If you want to know about that What is a Urologist For? then you arrive at the right place let’s start with our main motive.
If you have a problem with your urinary tract or your body’s urination system, you may need to see a specialty doctor called a urologist. They are specialists who can treat problems ranging from kidney stones to cancer.
What Is a Urologist?
A urologist knows all about your urinary system, including the kidneys, bladder, ureters (the thin muscles that carry urine to the bladder), and urethra (the tube that empties urine from the bladder).
Urologists also treat the male reproductive system, which includes the penis, testicles, scrotum, and prostate.
A urologist could even serve as your primary doctor if you have:
- Regular problems with kidney stones
- Prostate cancer
- Long-term problems with holding your urine
What Kind of Training Does a Urologist Have?
In addition to 4 years of medical school, urologists have at least 5 years of specialized training focusing on the urinary tract and male reproductive system.
Some urologists limit their expertise to a field of care such as cancer, pediatric urology, male infertility, sexual health, kidney stones, or reconstructive urology.
Urologists must pass an exam and be certified by the American Board of Urology.
Why Would You See a Urologist?
A urologist can treat bladder problems, urinary tract infections, bladder and kidney cancers, kidney blockages, and kidney stones.
Men might also see them for:
- Erectile dysfunction (ED)
- Enlarged prostate gland
- Prostate cancer
- Testicular cancer
Women might also see a urologist for
- Urination problems after pregnancy
- Pelvic organ prolapse (when an organ, such as the uterus or bladder, begins to fall or exerts pressure inside or outside the vagina)
Children may need to see a urologist if they have abnormal urinary tract problems such as nocturnal enuresis.
What Treatments Can a Urologist Offer?
Urologists can prescribe medications and provide what’s called “behavioral education.” For example, you can manage some urinary retention problems by doing exercises that strengthen the pelvic muscles.
Urologists may also perform a number of procedures. Some will do this in their offices. Others are major surgeries done in the hospital.
Some common procedures include:
Cystoscopy. This is a close-up look at your bladder and urethra with a special telescope-like tool called a cystoscope.
Ureteroscopy.
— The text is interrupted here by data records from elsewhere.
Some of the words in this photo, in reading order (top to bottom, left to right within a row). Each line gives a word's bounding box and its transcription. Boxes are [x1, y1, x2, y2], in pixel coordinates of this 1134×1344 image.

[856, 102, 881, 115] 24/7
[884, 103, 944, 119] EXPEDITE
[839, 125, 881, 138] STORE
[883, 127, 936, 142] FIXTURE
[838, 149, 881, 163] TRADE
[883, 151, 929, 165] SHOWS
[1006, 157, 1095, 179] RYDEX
Similar to cystoscopy, it’s a look inside your ureters and kidneys.
Prostate biopsy. The urologist removes a tiny tissue sample from your prostate to test for cancer in a lab.
Nephrectomy. This is surgery to remove a kidney to treat cancer.
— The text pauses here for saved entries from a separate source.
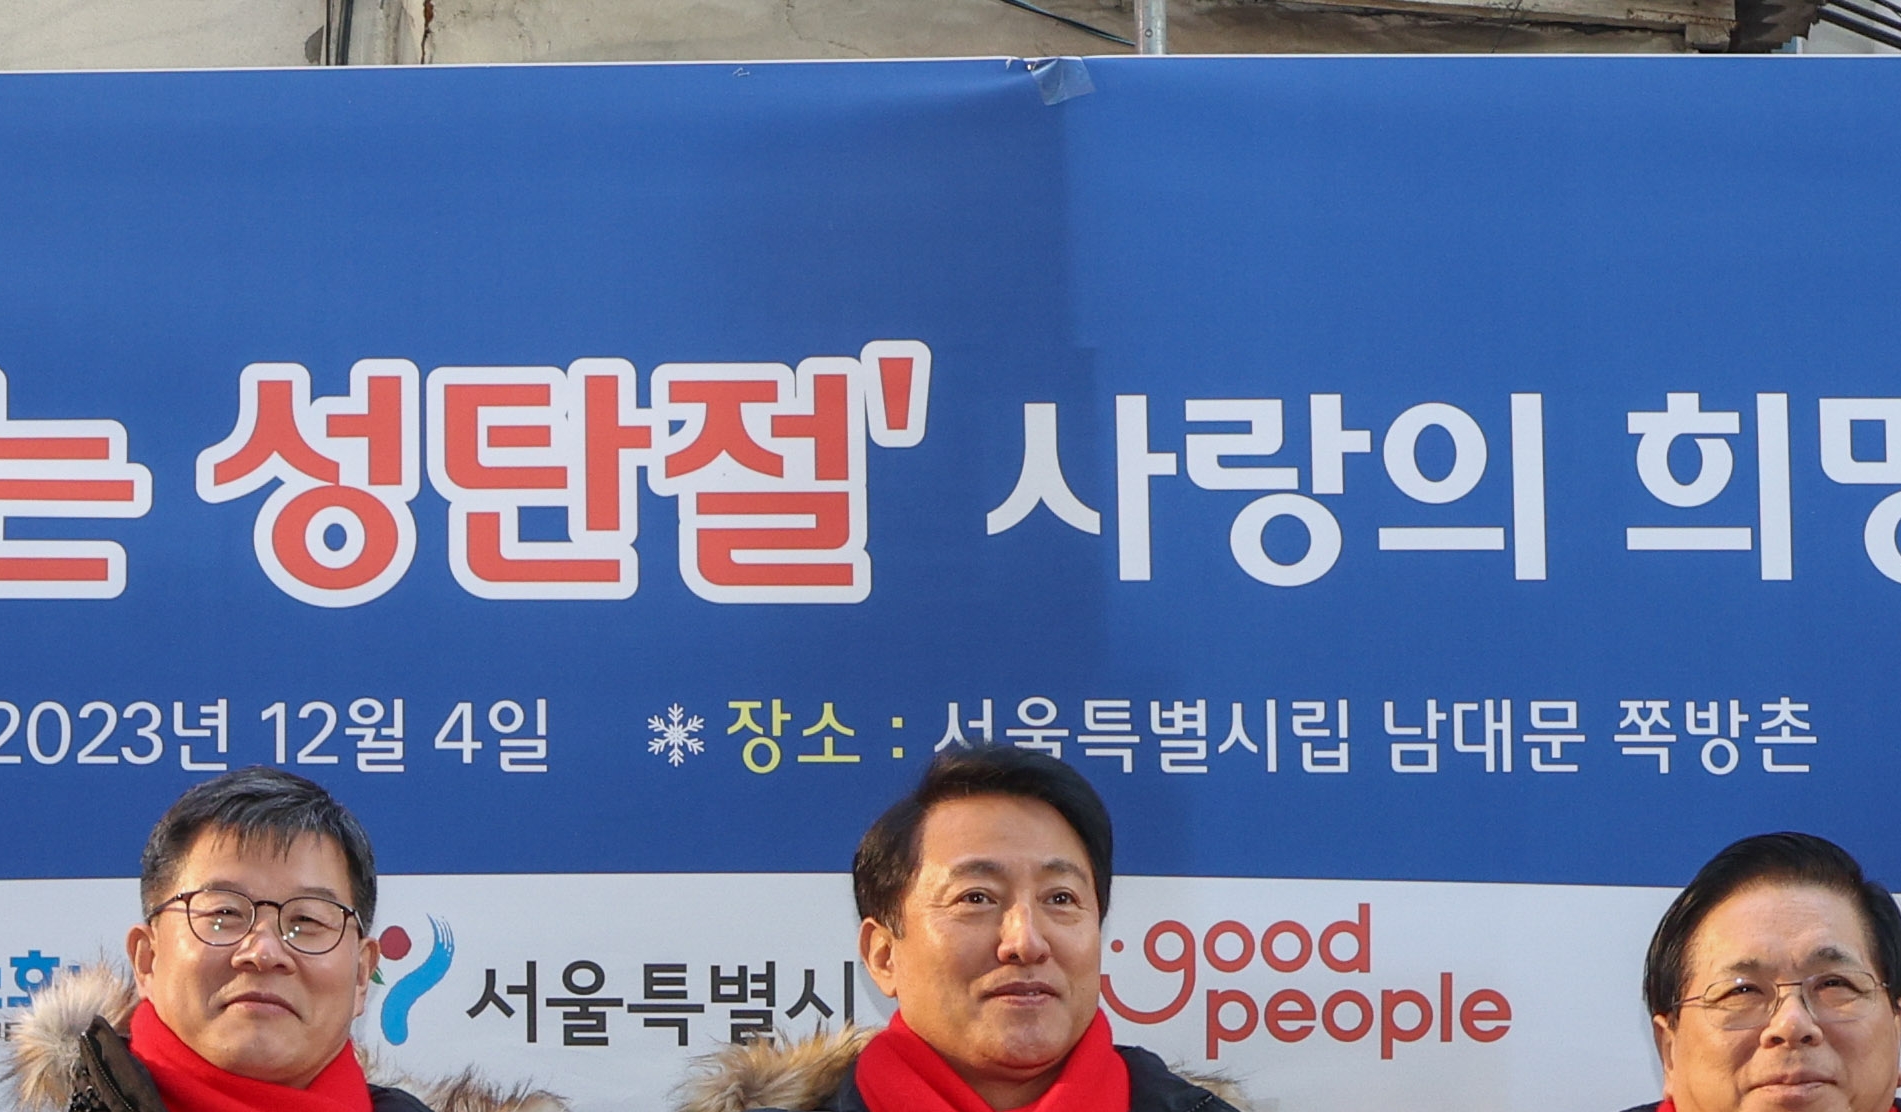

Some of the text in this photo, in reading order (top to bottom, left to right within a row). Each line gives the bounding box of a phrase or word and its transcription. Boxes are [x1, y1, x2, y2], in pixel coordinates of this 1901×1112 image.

[196, 340, 931, 607] 성탄절'
[987, 393, 1546, 586] 사랑의
[262, 698, 404, 772] 12월
[435, 699, 547, 772] 4일
[728, 699, 860, 773] 장소
[935, 697, 1348, 773] 서울특별시립
[1384, 700, 1585, 772] 남대문
[1614, 697, 1816, 774] 쪽방촌
[466, 960, 855, 1047] 서울특별시
[1100, 903, 1371, 1025] good
[1206, 972, 1511, 1060] people
Vasectomy. The urologist cuts the tubes that carry sperm to prevent pregnancy.
When Should You See a Urologist?
In some cases, your regular doctor can treat mild urinary tract problems. But if your symptoms are severe or do not go away, you should see a urologist.
Some of the signs include:
- Blood in your urine
- Loss of bladder control
- Pain when you pee
- Pain in your lower back, stomach, or groin (which can mean kidney stones)
- Trouble having or keeping an erection
- Enlarged prostate
- Cancers of the urinary tract
Be sure to contact your health insurance. Many health plans require a referral from your primary care doctor to see a urologist.